July 26, 1969, at 3:55 p.m., a “rock box” containing rocks that Apollo 11 astronauts brought back from the moon was first opened. Learn more about what scientists discovered.
Museum admission is free/donation; cost of this program is $3 per child to participate. Free participation is offered for the first 30 Rockford Public School District 205 students who bring a picture they have drawn or a short piece they have written about the moon.
Celebrate the full moon of July by taking part in Moon Day at Burpee’s Exploration Monday! There are lots of crafts to complete, and kids will discover many interesting facts about the moon. Participants will learn the phases of the moon. You will find your weight on the moon as well as create craters just like those on the moon. Additional crafts include making moon sand, a moon kinescope, a moon book, a moon mask, moon painting, and a moon rock. Crafts are for the smallest to the oldest.
In the wigwam, representatives of the Native American Awareness Committee of Rockford will be telling stories. You can pretend to be a little child living under the full moon and listening to stories long ago before you fell asleep.
Artist Melinda Peterson Fluait will be at Burpee also that day for “Draw with Melinda.” Children will create their own silhouette on the face of a full moon.

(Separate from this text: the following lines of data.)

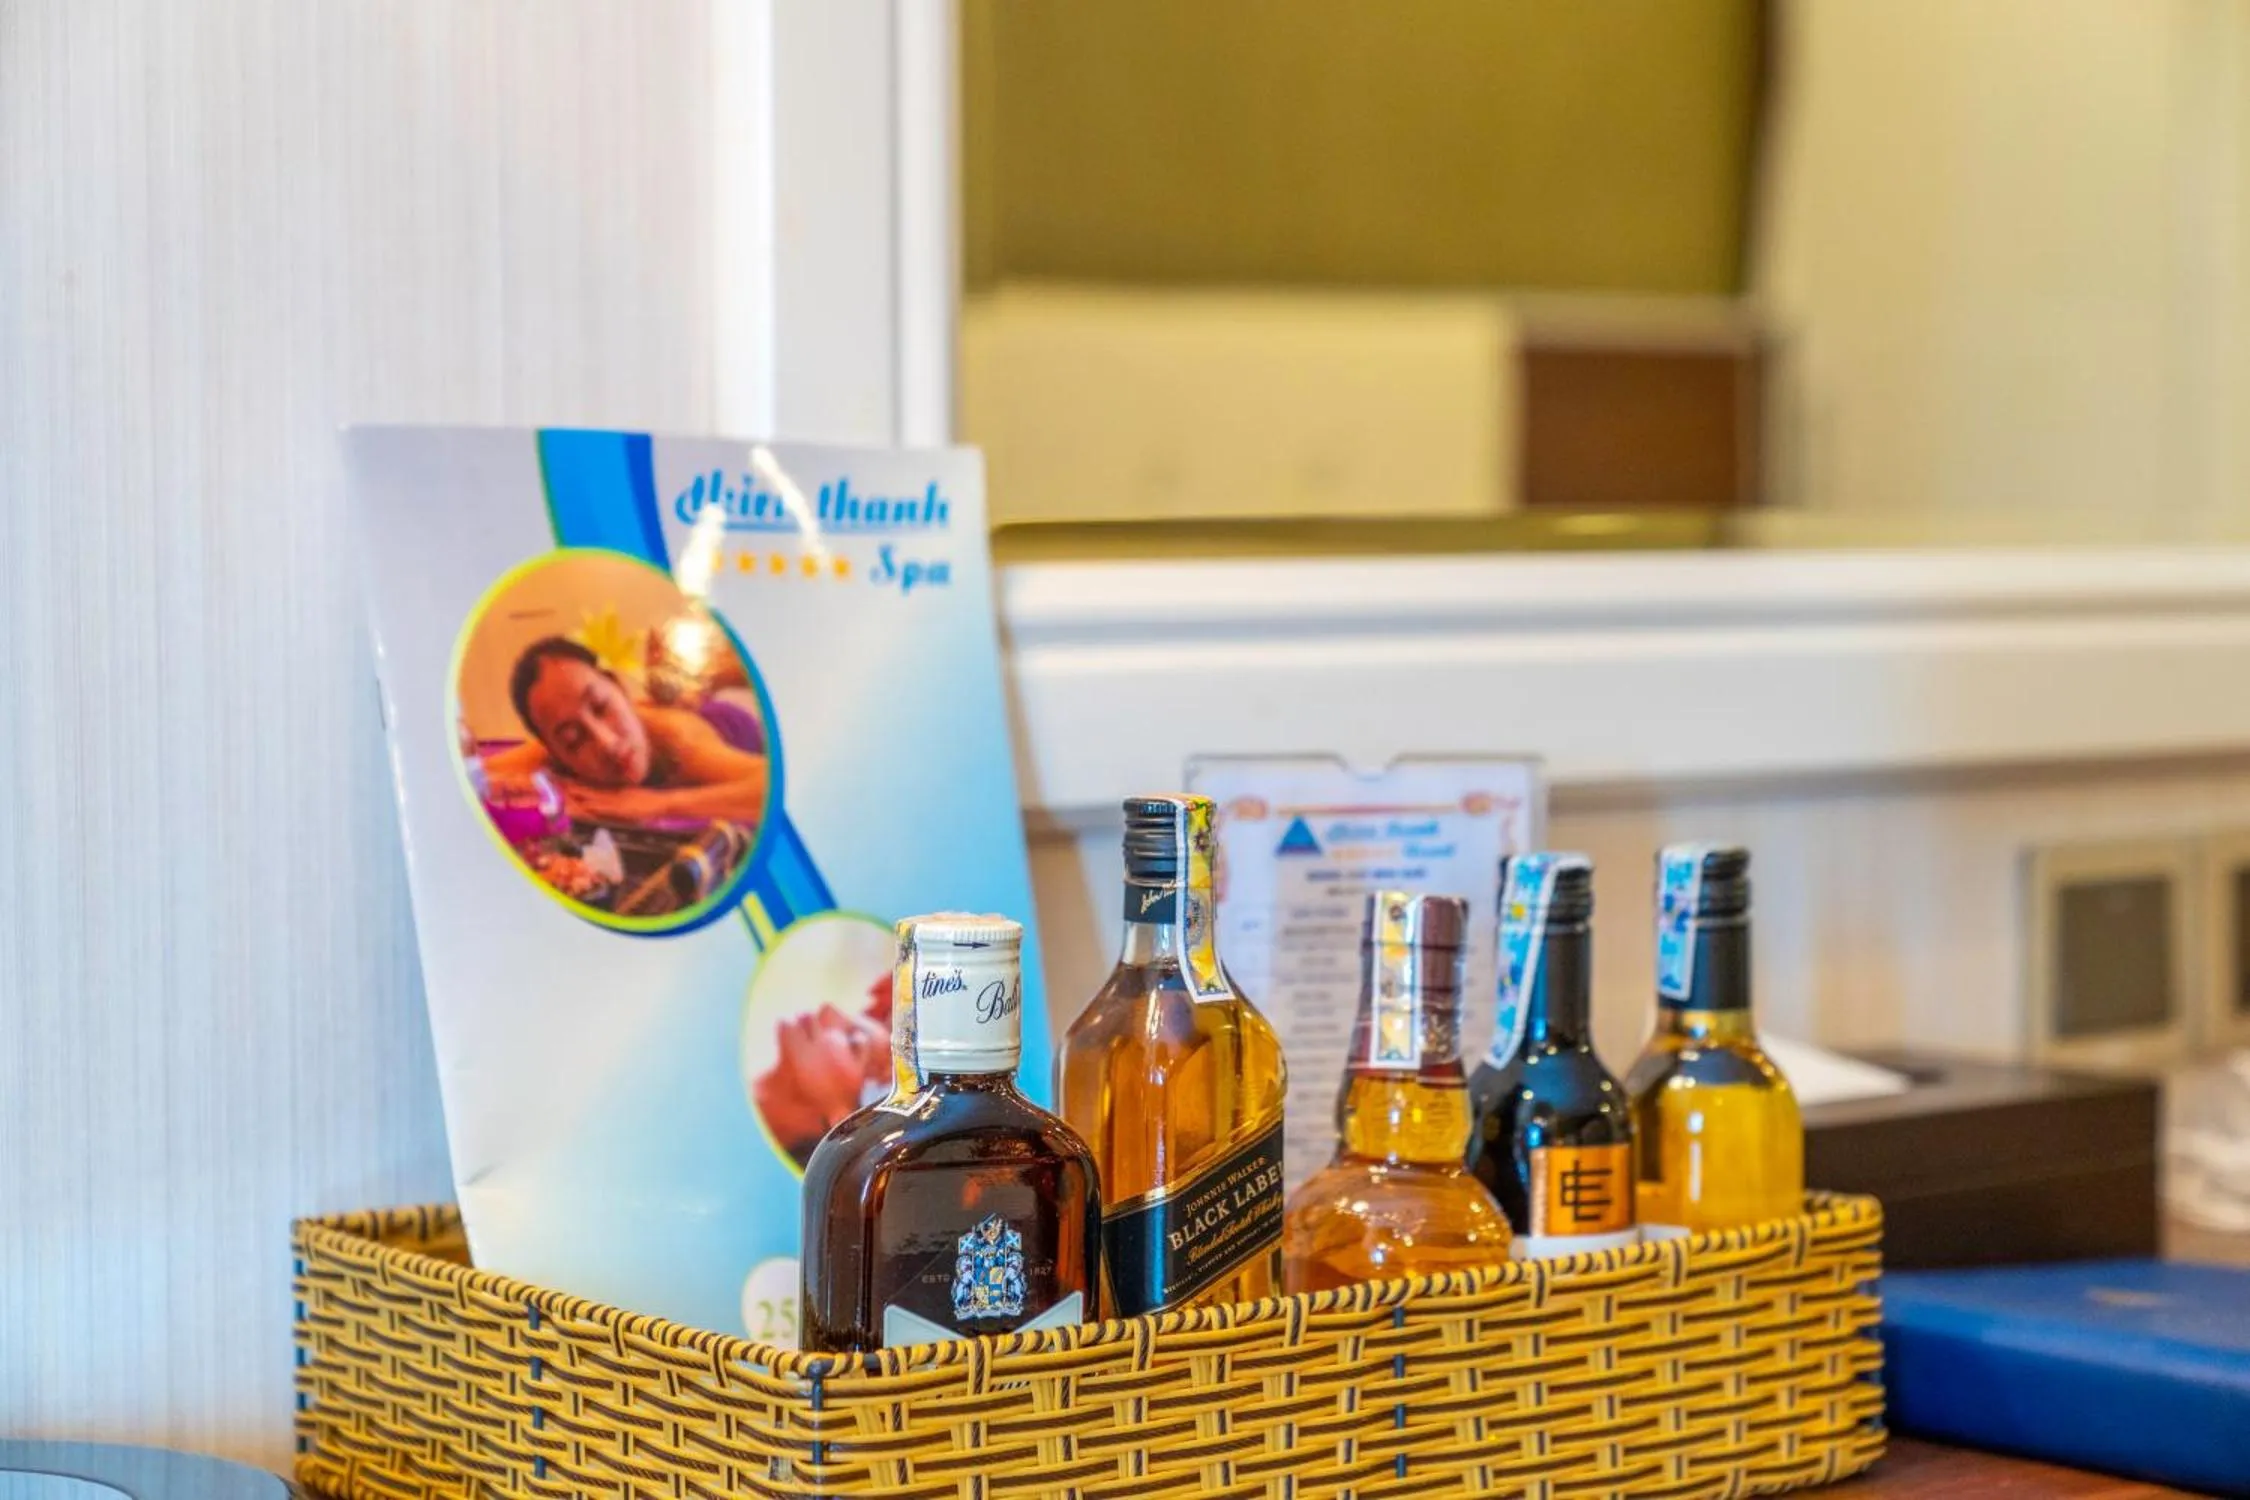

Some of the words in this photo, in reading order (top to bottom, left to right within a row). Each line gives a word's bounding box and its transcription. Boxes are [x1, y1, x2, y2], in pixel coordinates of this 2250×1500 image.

[868, 544, 950, 598] Spa
[1227, 1157, 1266, 1186] WALKER
[1166, 1198, 1231, 1250] BLACK
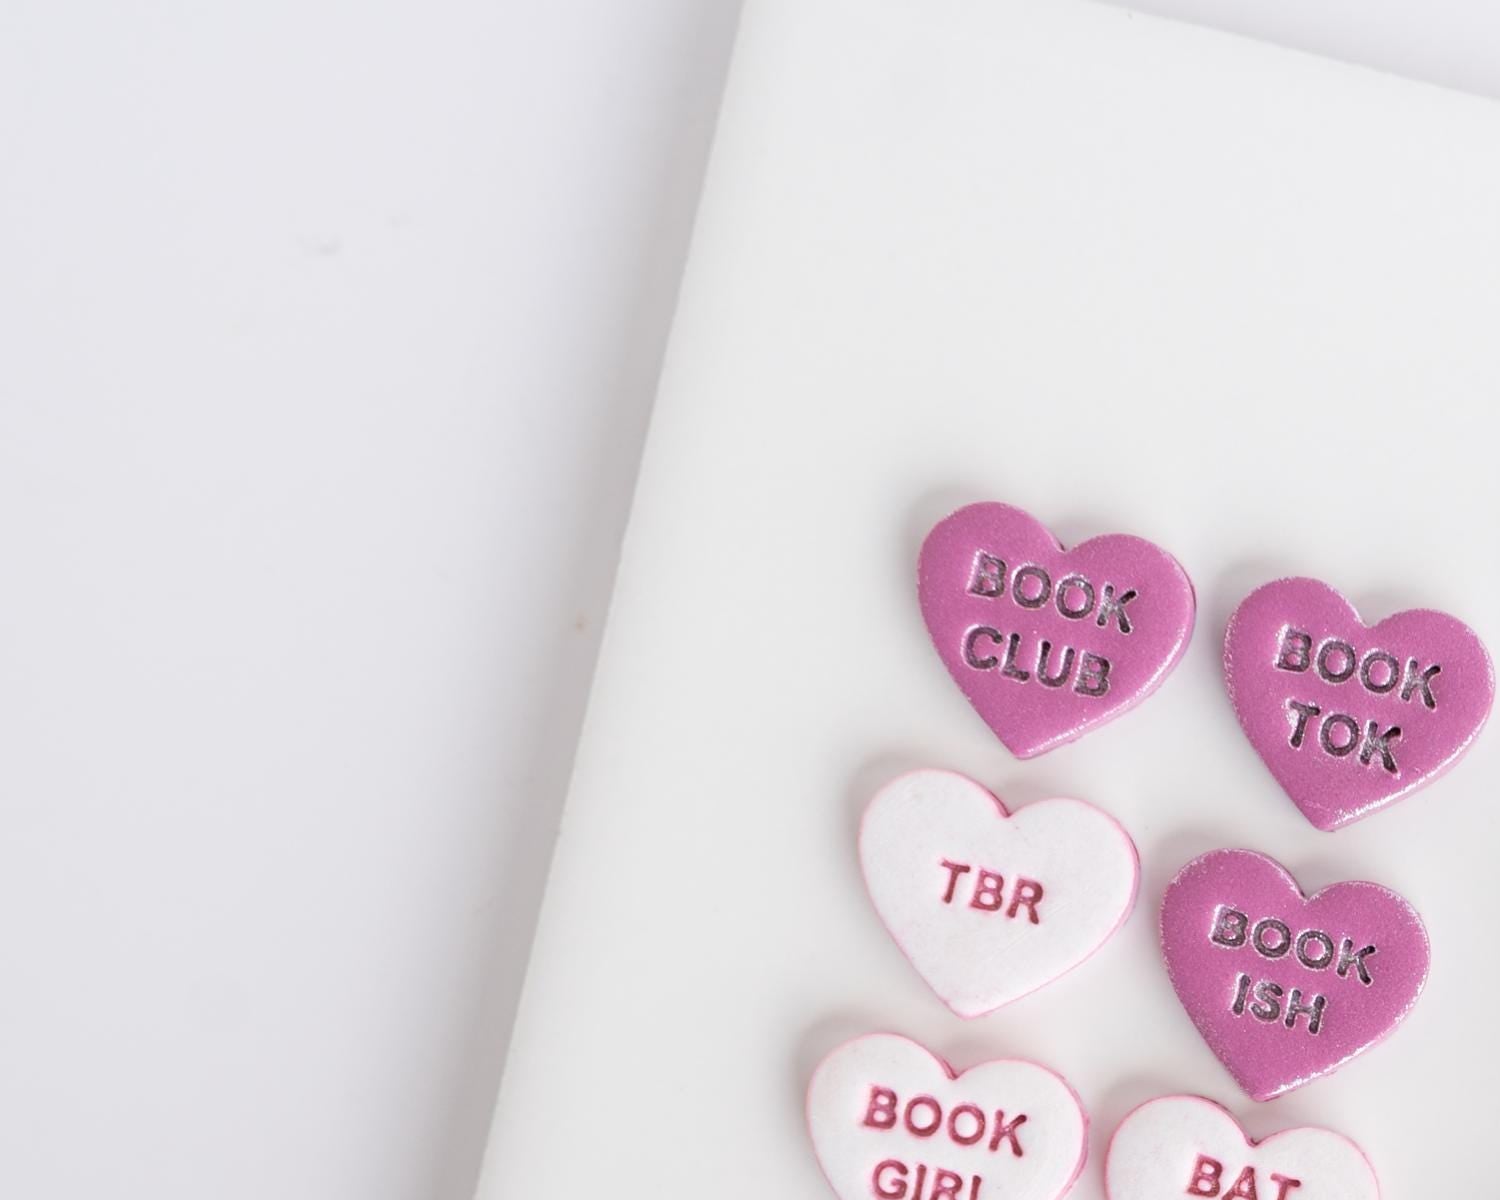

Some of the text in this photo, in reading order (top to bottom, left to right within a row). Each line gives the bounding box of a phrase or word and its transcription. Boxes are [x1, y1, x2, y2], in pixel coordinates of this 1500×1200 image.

[968, 551, 1137, 634] BOOK
[961, 625, 1113, 697] CLUB
[1275, 625, 1442, 710] BOOK
[1285, 699, 1401, 775] TOK
[938, 857, 1046, 925] TBR
[1210, 904, 1377, 985] BOOK
[1231, 973, 1328, 1035] ISH
[862, 1085, 1028, 1158] BOOK
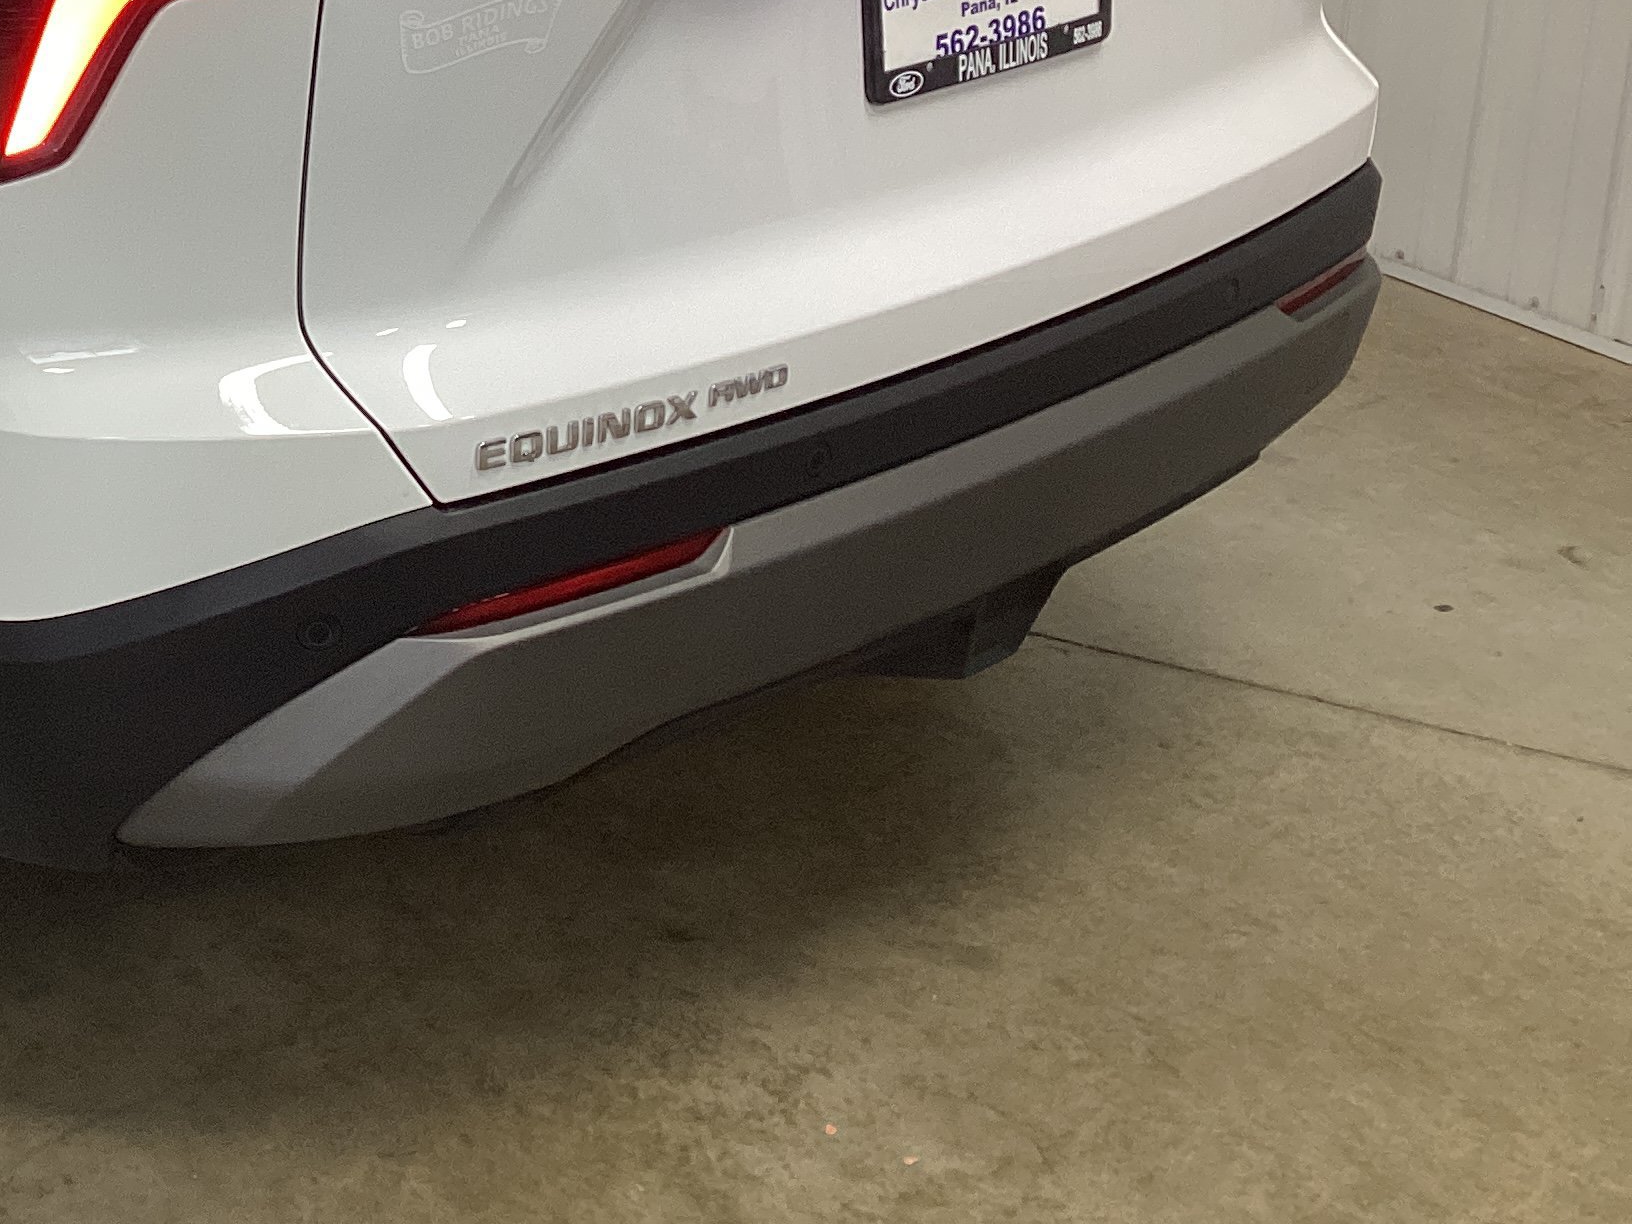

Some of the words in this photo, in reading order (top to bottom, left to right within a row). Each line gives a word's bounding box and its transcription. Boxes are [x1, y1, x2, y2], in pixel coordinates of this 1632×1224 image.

→ Countries near the equator see the crescent moon shaped like a smile.
→ It takes the moon about 29.5 days to completely cycle through all eight phases. This is known as a lunar month.
→ The moon phases are produced by the alignment of the moon and the sun in the sky.
→ The moon is lit because it reflects the light from the sun.
→ The part facing the sun is lit, while the part facing away from the sun is dark.